* _MATERIAL TO PROCESS_:
• • • • •

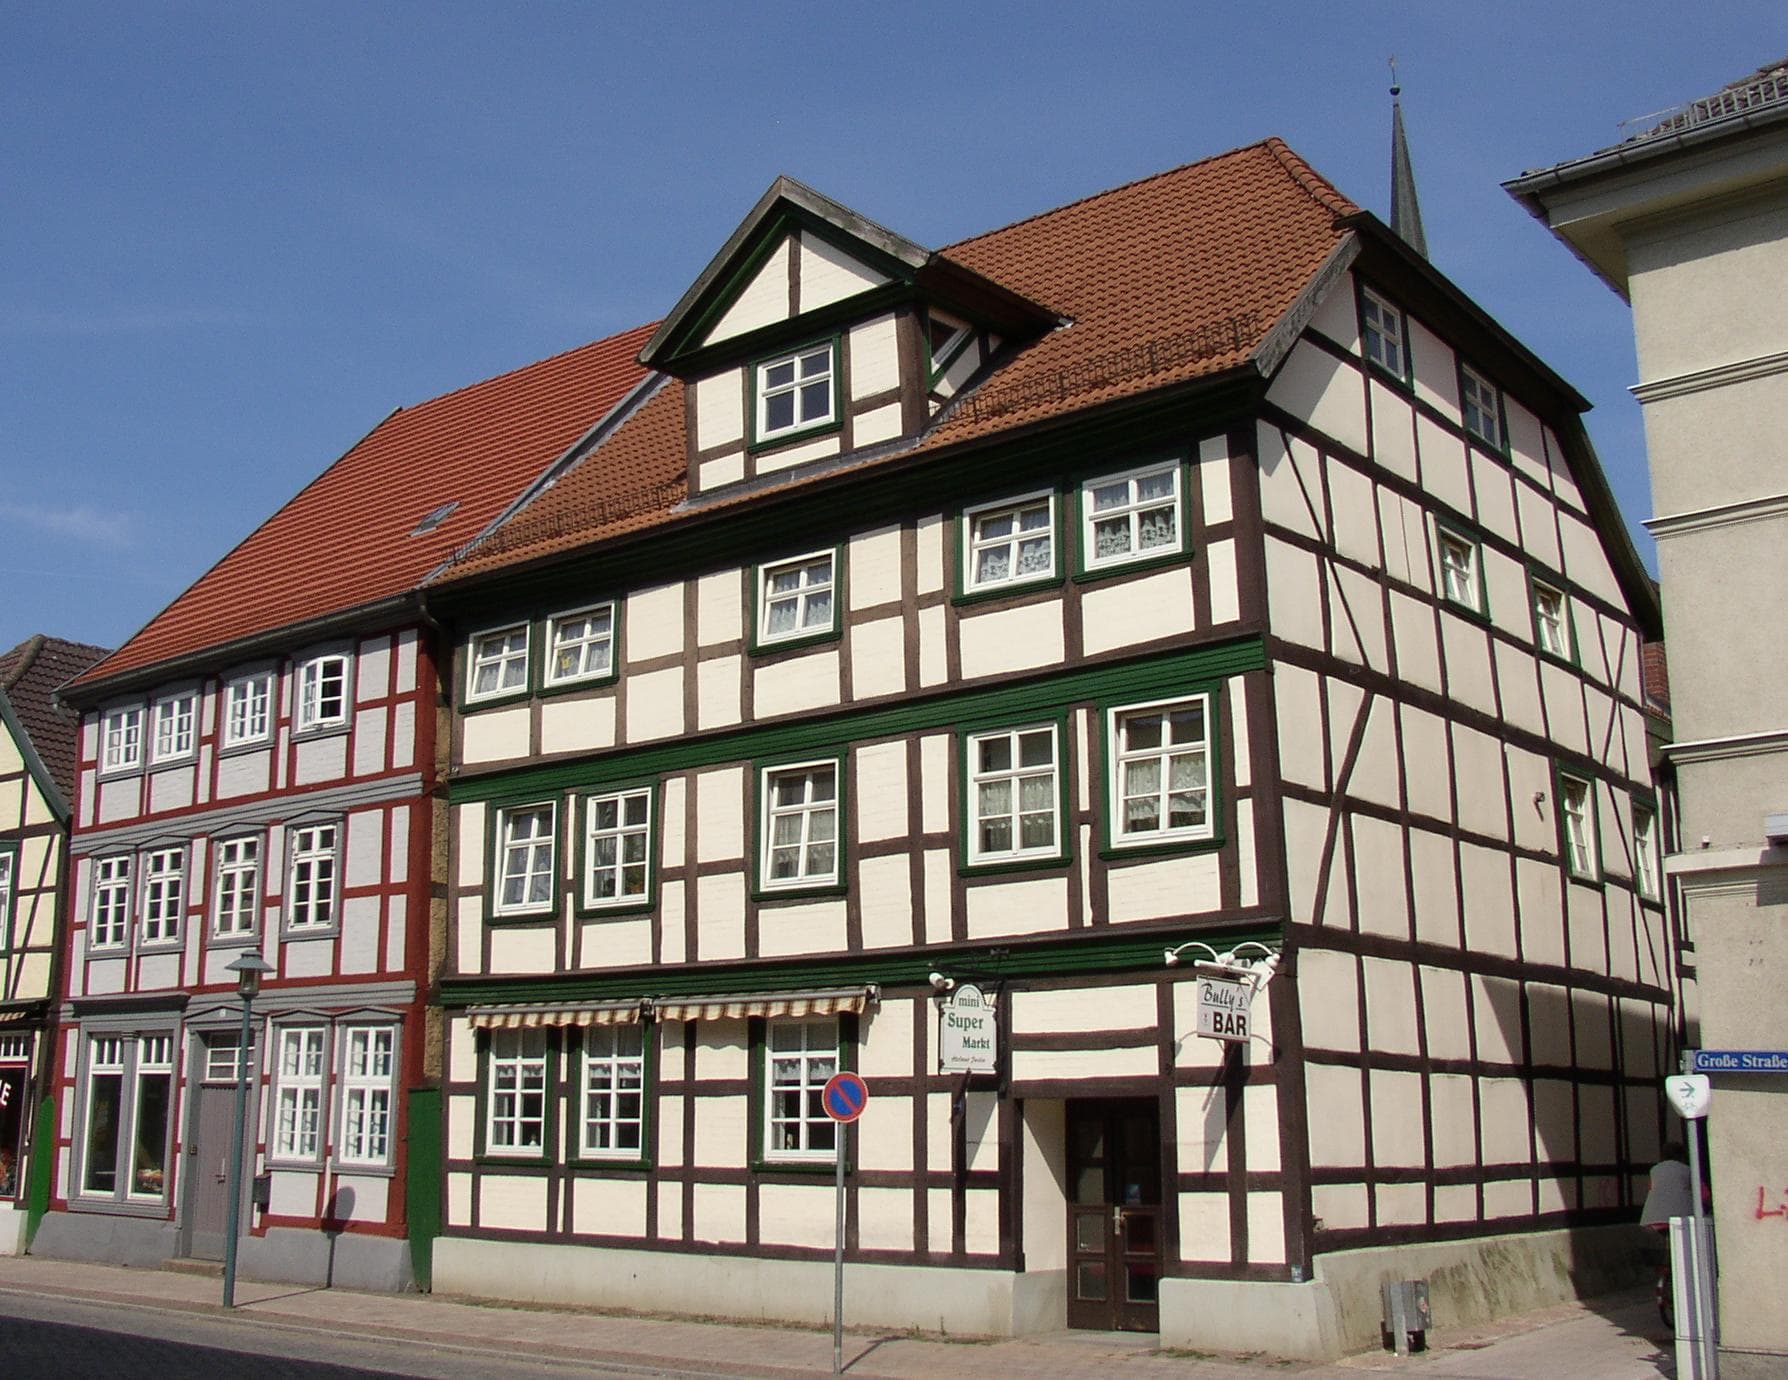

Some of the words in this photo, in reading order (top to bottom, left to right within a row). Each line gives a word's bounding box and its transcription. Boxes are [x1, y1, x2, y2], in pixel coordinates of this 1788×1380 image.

[959, 995, 980, 1008] mini
[948, 1012, 984, 1031] Super
[1213, 1011, 1247, 1036] BAR
[962, 1036, 990, 1049] Markt
[1697, 1053, 1739, 1068] Große
[1742, 1053, 1788, 1069] Straße
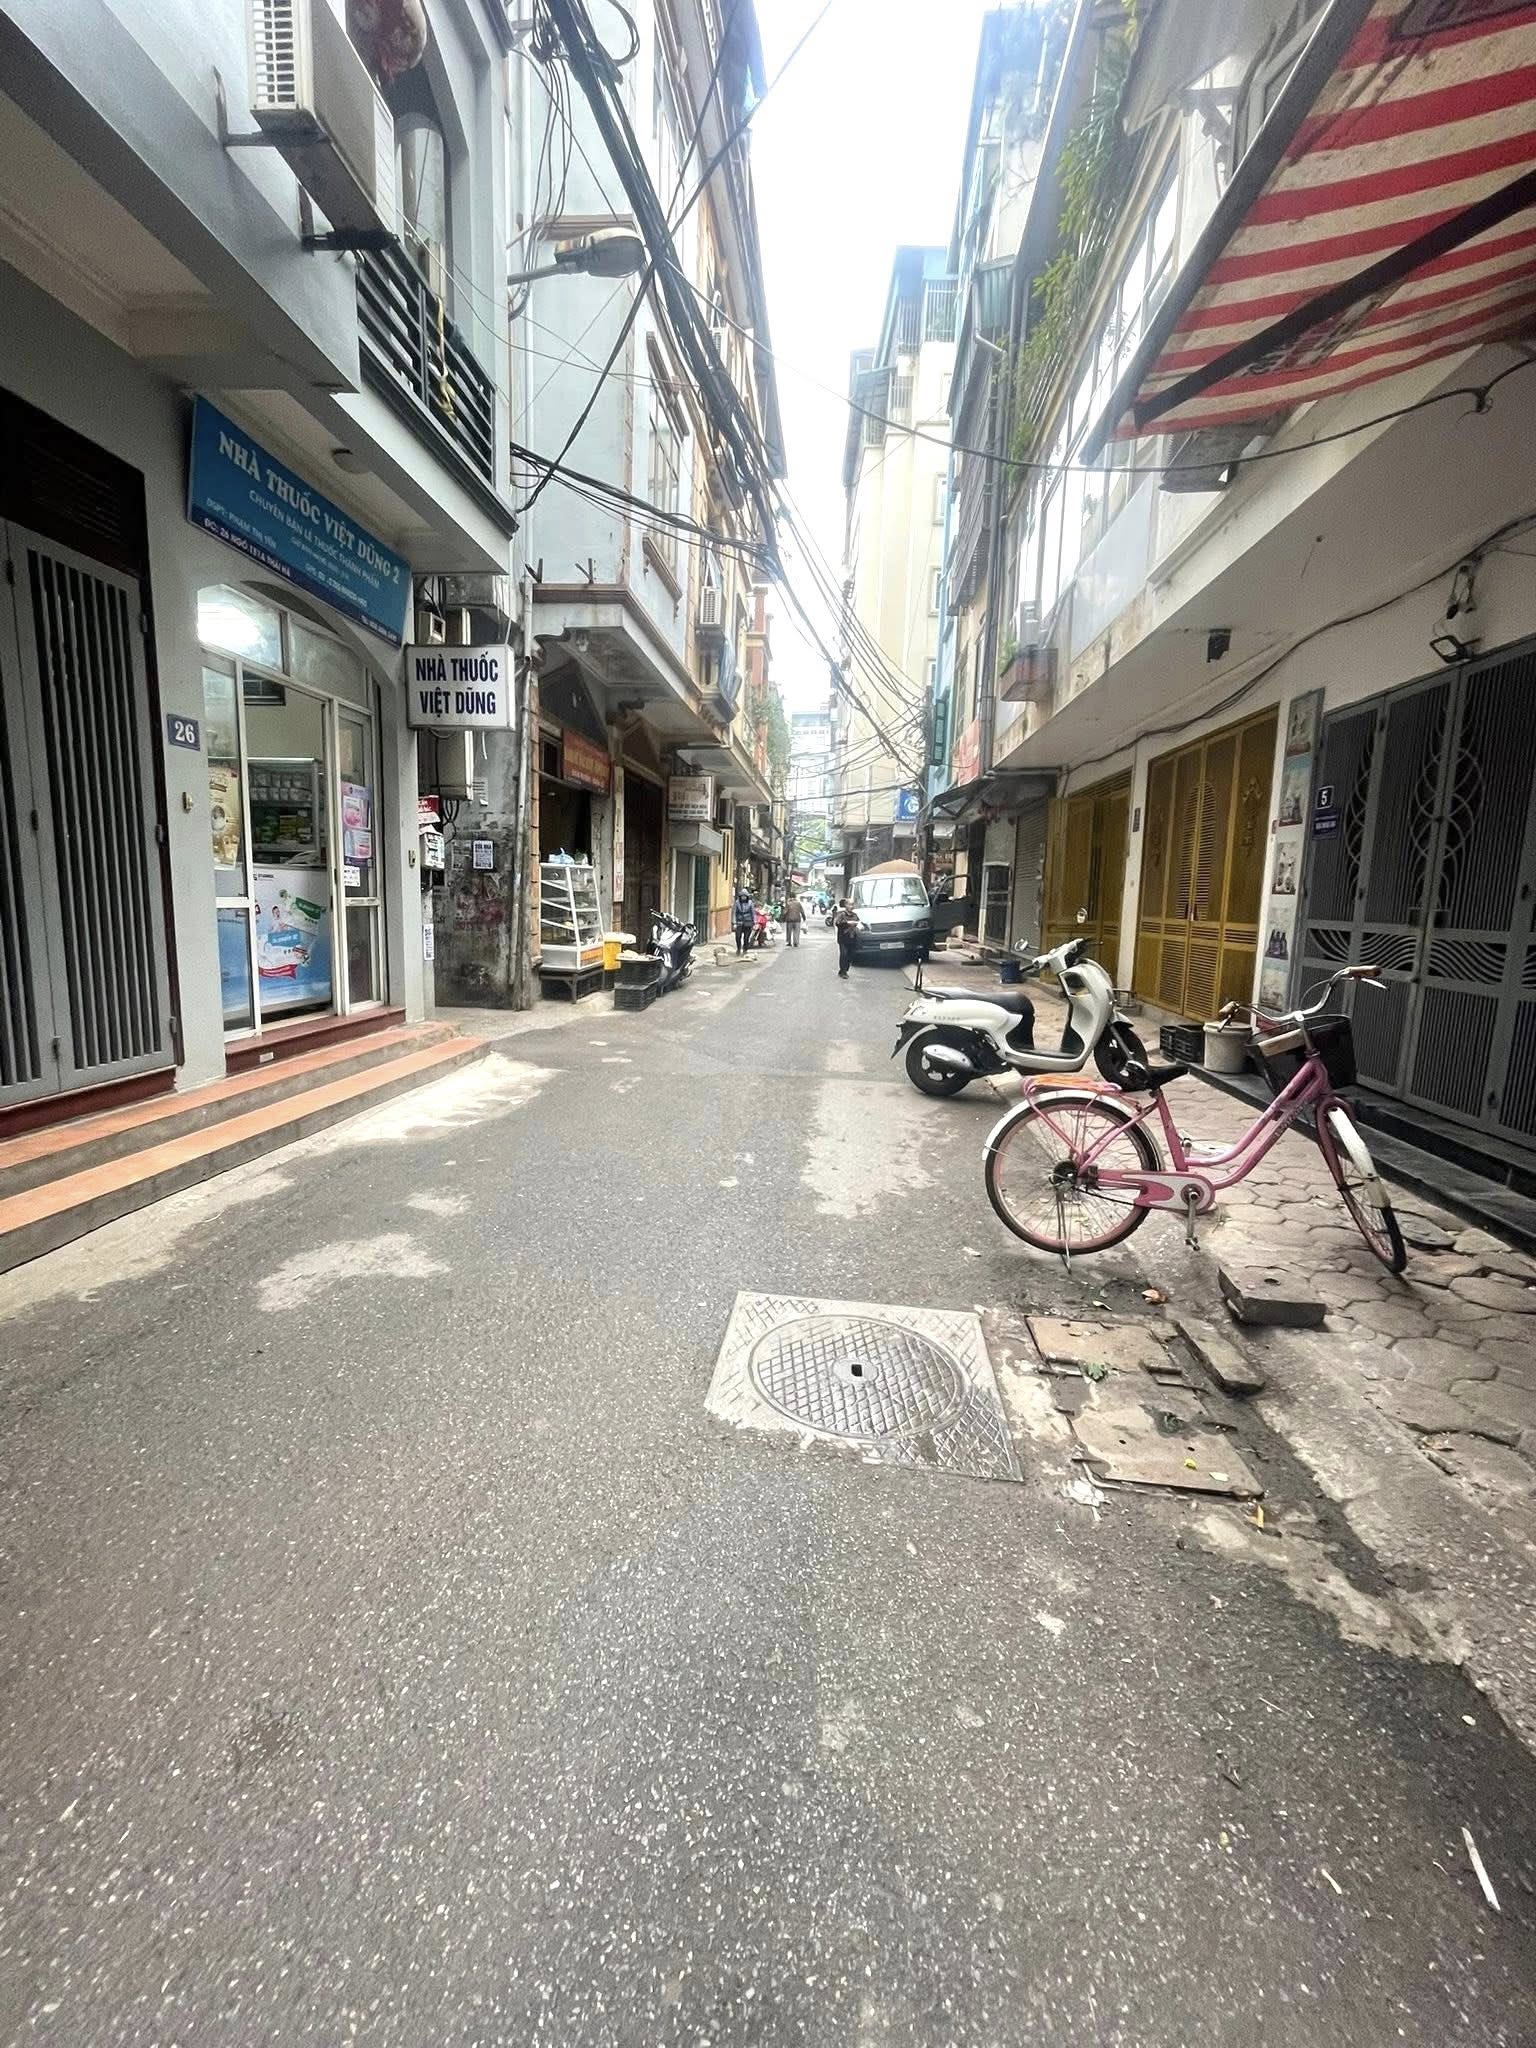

• • • • •

* _PROBLEM DETAILS_: You are asked to reproduce each line above exactly, but to exclude the pictures.

* _YOUR SOLUTION_:
Some of the words in this photo, in reading order (top to bottom, left to right within a row). Each line gives a word's bounding box and its transcription. Boxes are [x1, y1, x2, y2], in pixel coordinates of this 1788×1380 image.

[959, 995, 980, 1008] mini
[948, 1012, 984, 1031] Super
[1213, 1011, 1247, 1036] BAR
[962, 1036, 990, 1049] Markt
[1697, 1053, 1739, 1068] Große
[1742, 1053, 1788, 1069] Straße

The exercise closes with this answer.